In differential diagnoses and disease gene prioritization, the Human Phenotype Ontology (HPO) is often used to compare a phenotype profile against gold-standard phenotype profiles of diseases or genes. In his article [7], Köhler investigated how this comparison can be improved by exploiting structure and information existing in annotation datasets or full text disease descriptions. He tested a study-wise annotation model for diseases annotated with HPO classes and for genes annotated with GO classes. This paper adds weight to the need for enhancing simple flat list representations of disease or gene annotations.

Cheng et al., [8] addressed the question of finding similarities of terms between different ontologies (e.g. HPO, Disease Ontology (DO), „.etc.). They took advantage of the gene functional interaction network (GFIN) to explore such inter-ontology similarities of terms. They proposed InfAcrOnt to infer similarities between terms across ontologies and acquired similarities between terms across ontologies through modeling the information flow within the network by random walk. Comparisons of InfAcrOnt results and prior knowledge on pair-wise DO-HPO terms and pair-wise DO-GO terms showed high correlations.

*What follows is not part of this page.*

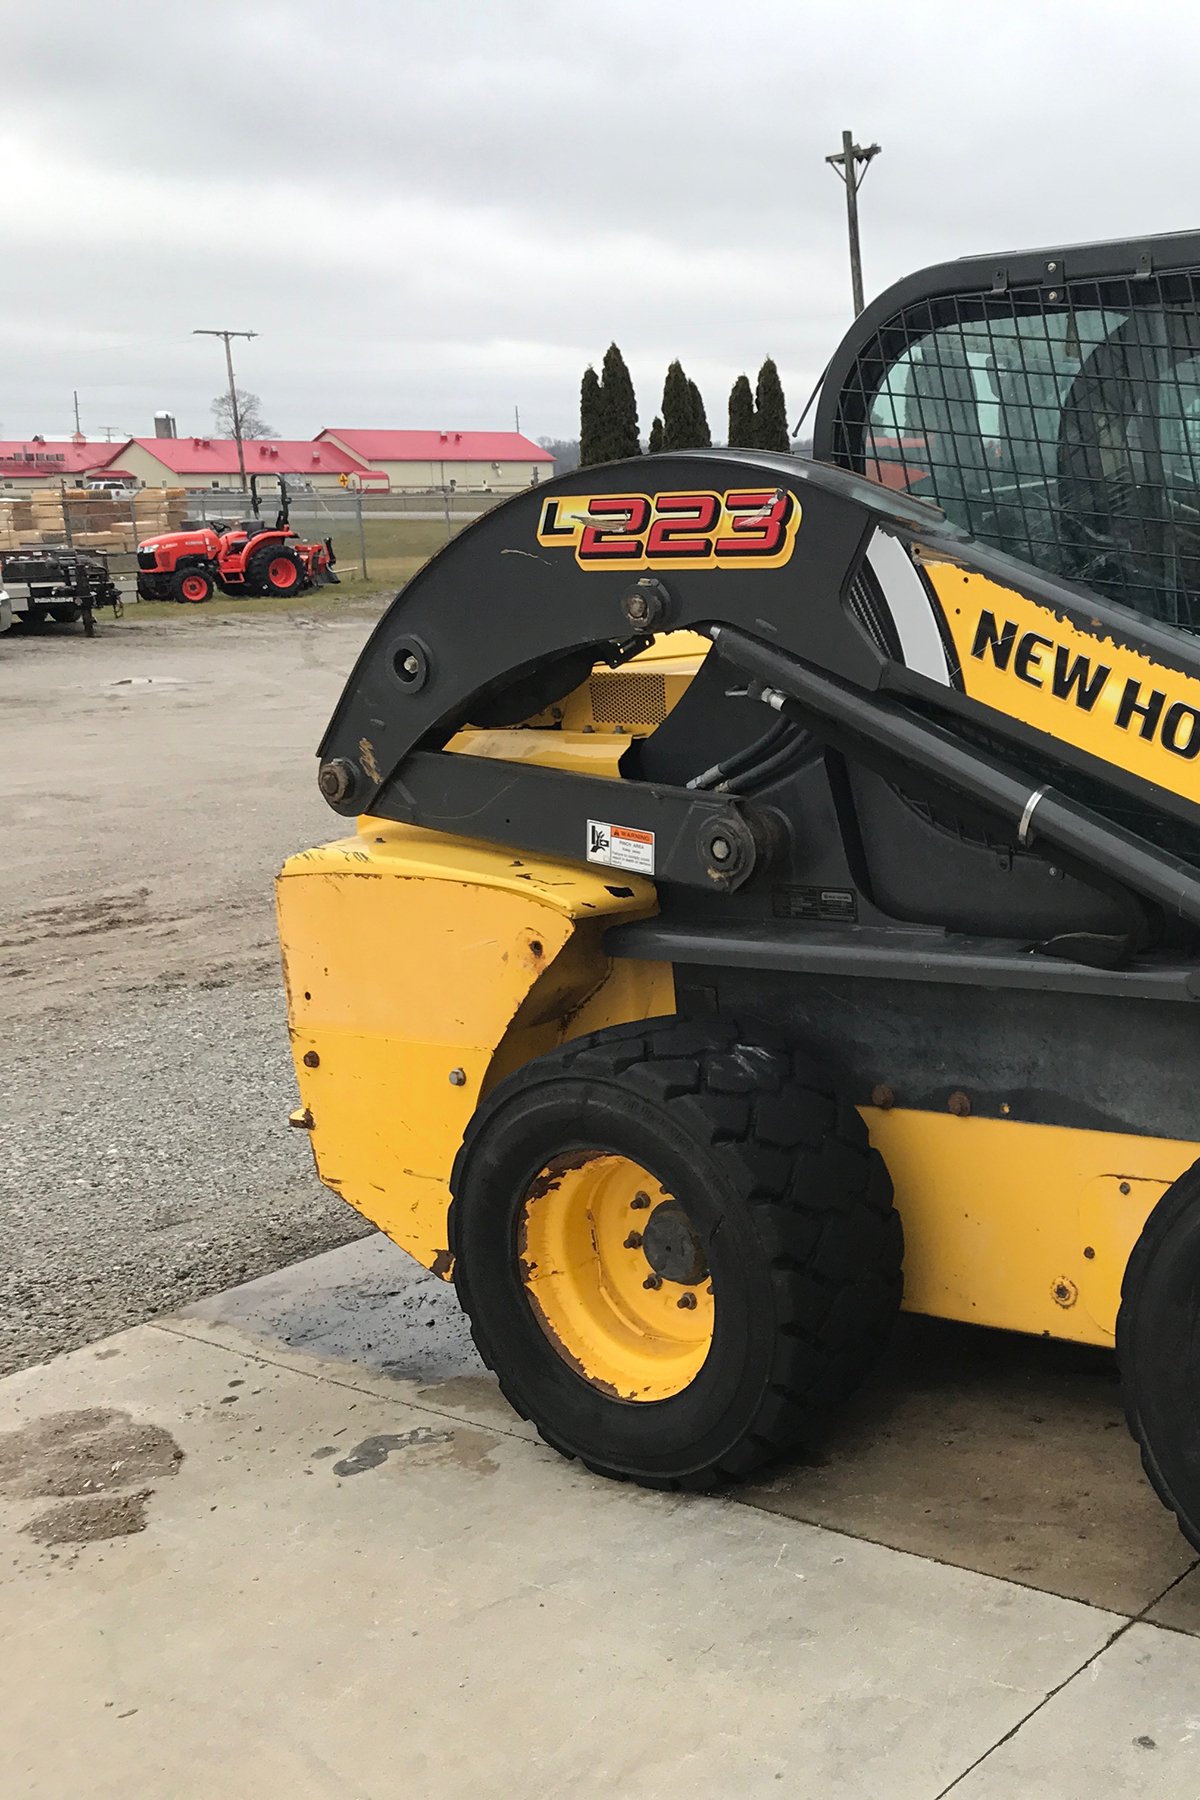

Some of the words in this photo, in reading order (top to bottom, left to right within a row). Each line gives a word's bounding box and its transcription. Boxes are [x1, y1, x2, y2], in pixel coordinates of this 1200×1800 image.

[540, 493, 791, 559] L223
[971, 608, 1111, 712] NEW
[620, 830, 651, 841] WARNING

4.2.2 Ontology Design and Documentation

Five of the candidate best papers present research in the ontology design domain [6], [10] [11] [12], [16]. This theme is common in the KRM section. While it was declining in recent years, it has become more present in 2018 than in previous years. In each case, articles described the motivation for building the ontology and developed the application that uses it for validation.

Traverso et al., [12] developed a Radiation Oncology Ontology (ROO). This ontology takes into account a few standard ontologies as the Fundational Model of Anatomy (FMA), the National Cancer Institute thesaurus (NCIt), and others terminologies. Authors demonstrated the possible conversion of clinical data following the FAIR principles (Findability, Accessibility, Interoperability, and Reusability), by using a combination of ontologies and Semantic Web (SW) technologies. This work proposes, using SW technologies based on existing ontologies, to efficiently and easily query data from different sources (relational databases) without knowing a priori their structures.

Bibault et al, [10] developed a Radiation Oncology Structures (ROS) Ontology. This ontology also relies on several standard ontologies as FMA, Radlex, and others. Authors provided annotations of EHR radiation oncology data with ROS concepts and integrated them into their clinical data warehouse. Finally, they showed the utility of the ontology in order to integrate dosimetric data.

Jing et al., [6] described the motivation and the building of OntoKBCF, an ontology for the cystic fibrosis domain. They illustrated the lack of sufficient clinical actionable knowledge that is related to molecular genetic information. The Cystic fibrosis ontology (OntoKBCF) is just a use case example, but given its structure, it should be relatively straightforward to extend the prototype to cover different genetic conditions. The principles underpinning its development could efficiently serve the design of knowledge bases for alternative human monogenetic diseases.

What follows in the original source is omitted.